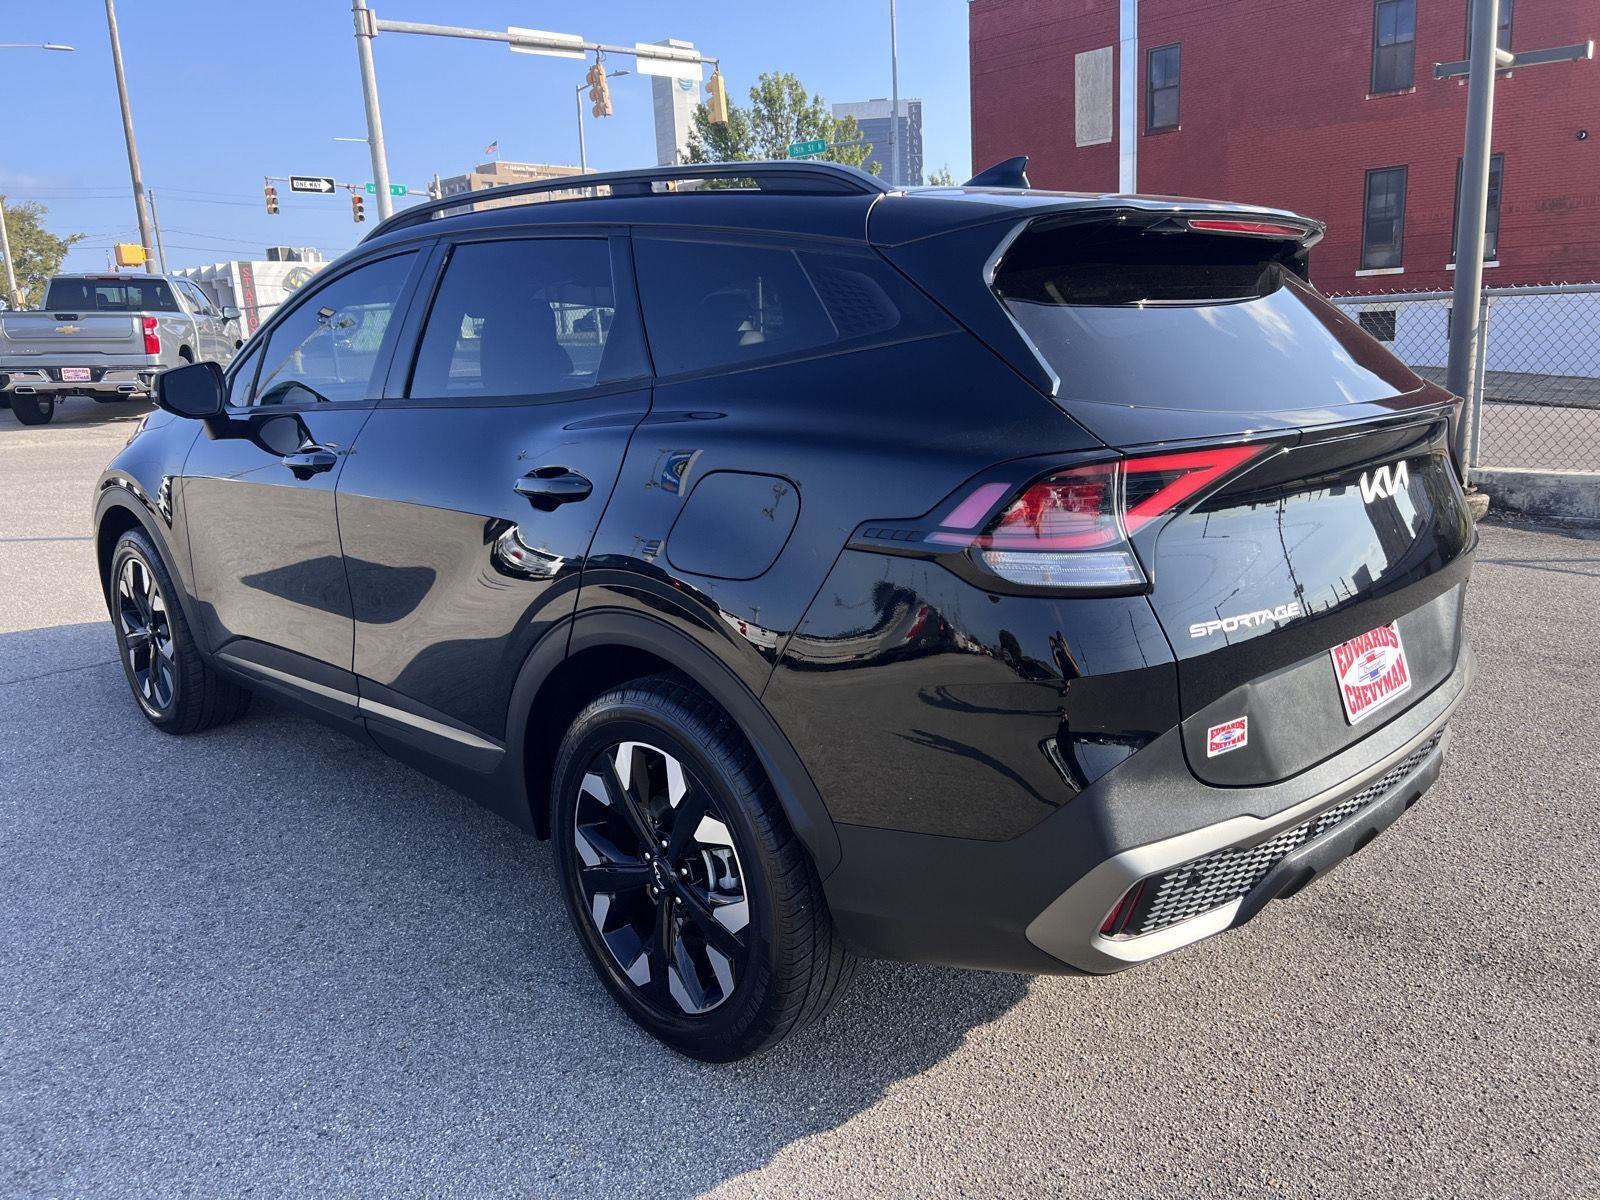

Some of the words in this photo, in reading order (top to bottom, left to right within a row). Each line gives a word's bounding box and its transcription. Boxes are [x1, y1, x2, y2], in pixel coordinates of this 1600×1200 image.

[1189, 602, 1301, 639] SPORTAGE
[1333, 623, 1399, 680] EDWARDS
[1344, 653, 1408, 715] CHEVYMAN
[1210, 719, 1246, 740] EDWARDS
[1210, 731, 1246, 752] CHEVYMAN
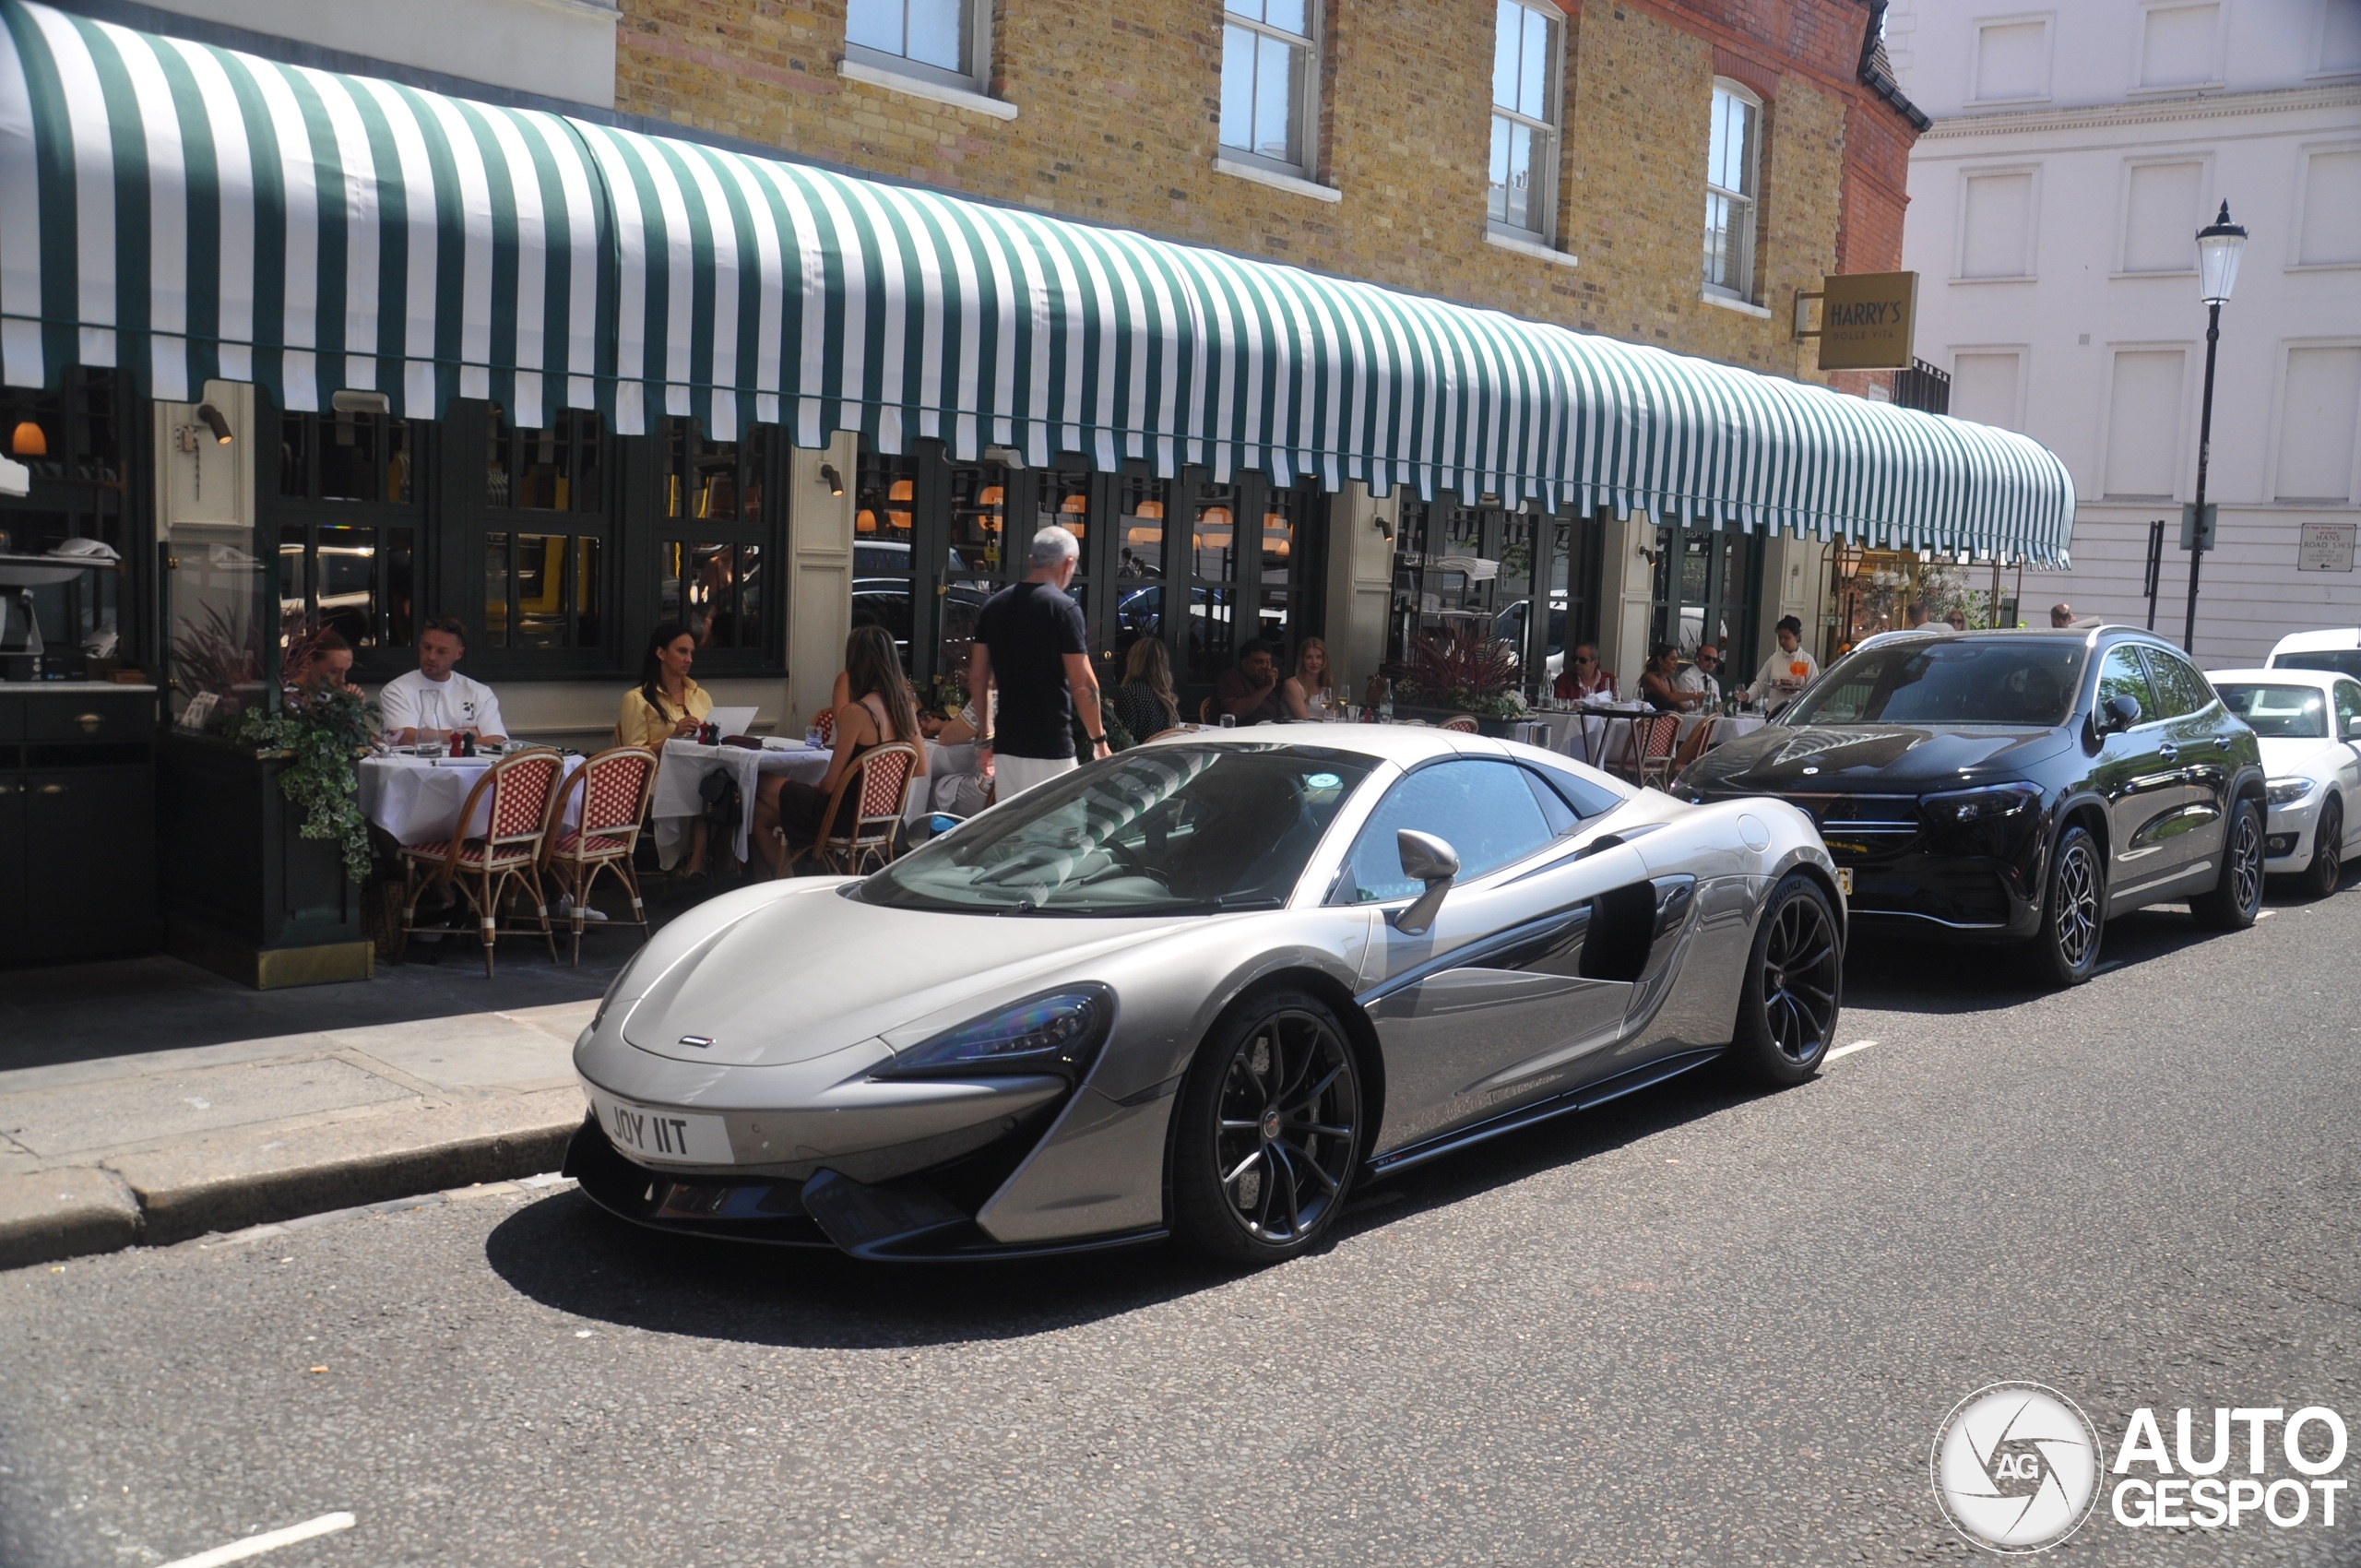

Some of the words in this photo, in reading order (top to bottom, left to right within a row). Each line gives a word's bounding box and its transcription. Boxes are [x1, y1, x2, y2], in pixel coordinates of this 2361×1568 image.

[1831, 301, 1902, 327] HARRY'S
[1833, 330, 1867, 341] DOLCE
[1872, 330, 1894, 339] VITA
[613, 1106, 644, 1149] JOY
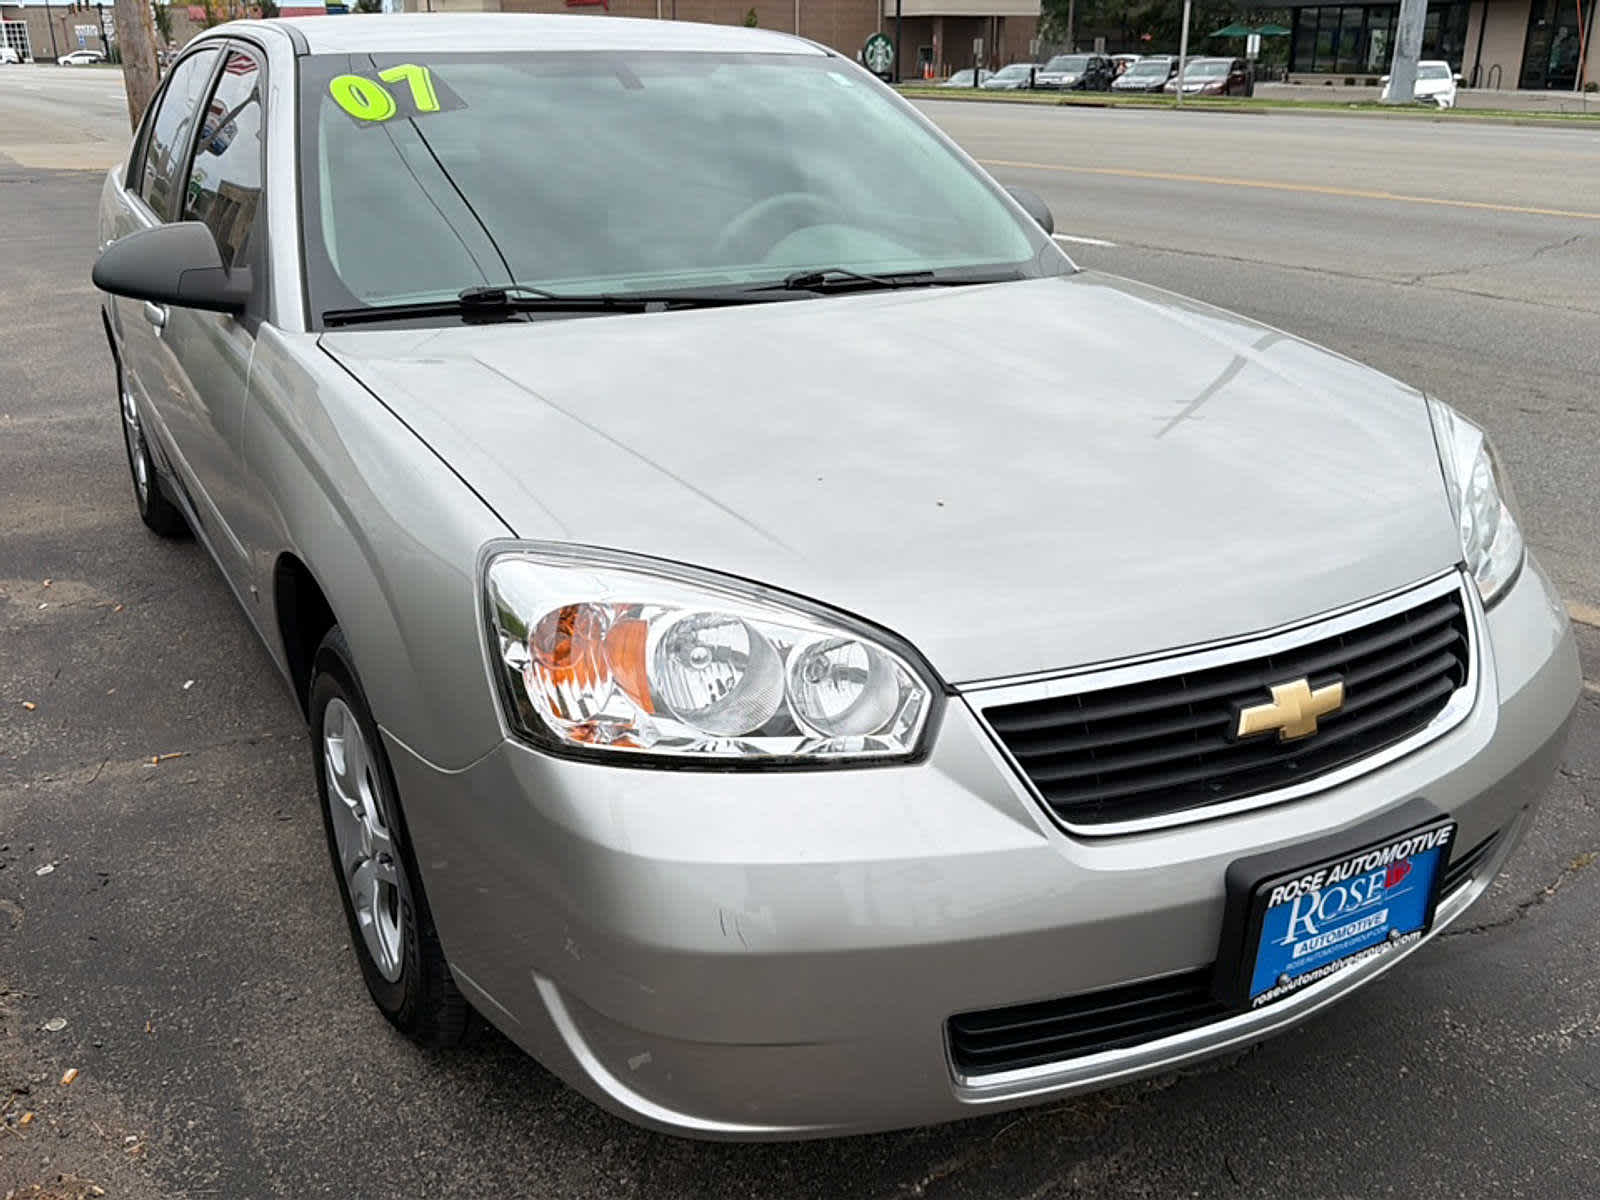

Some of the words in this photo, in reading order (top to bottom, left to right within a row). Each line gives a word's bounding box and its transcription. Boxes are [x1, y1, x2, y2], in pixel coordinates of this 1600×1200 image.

• _TASK DESCRIPTION_
Locate the line containing "this 2361×1568 image." in the material above, then repeat it and every later line exactly, with no pictures.

• _ANSWER BELOW_
Some of the words in this photo, in reading order (top to bottom, left to right within a row). Each line gives a word's bounding box and its transcription. Boxes are [x1, y1, x2, y2], in pixel coordinates of this 2361×1568 image.

[1831, 301, 1902, 327] HARRY'S
[1833, 330, 1867, 341] DOLCE
[1872, 330, 1894, 339] VITA
[613, 1106, 644, 1149] JOY

Some of the words in this photo, in reading order (top to bottom, left to right within a row). Each line gives a word's bounding box and its transcription. Boxes are [x1, y1, x2, y2], in pixel coordinates of this 1600×1200 image.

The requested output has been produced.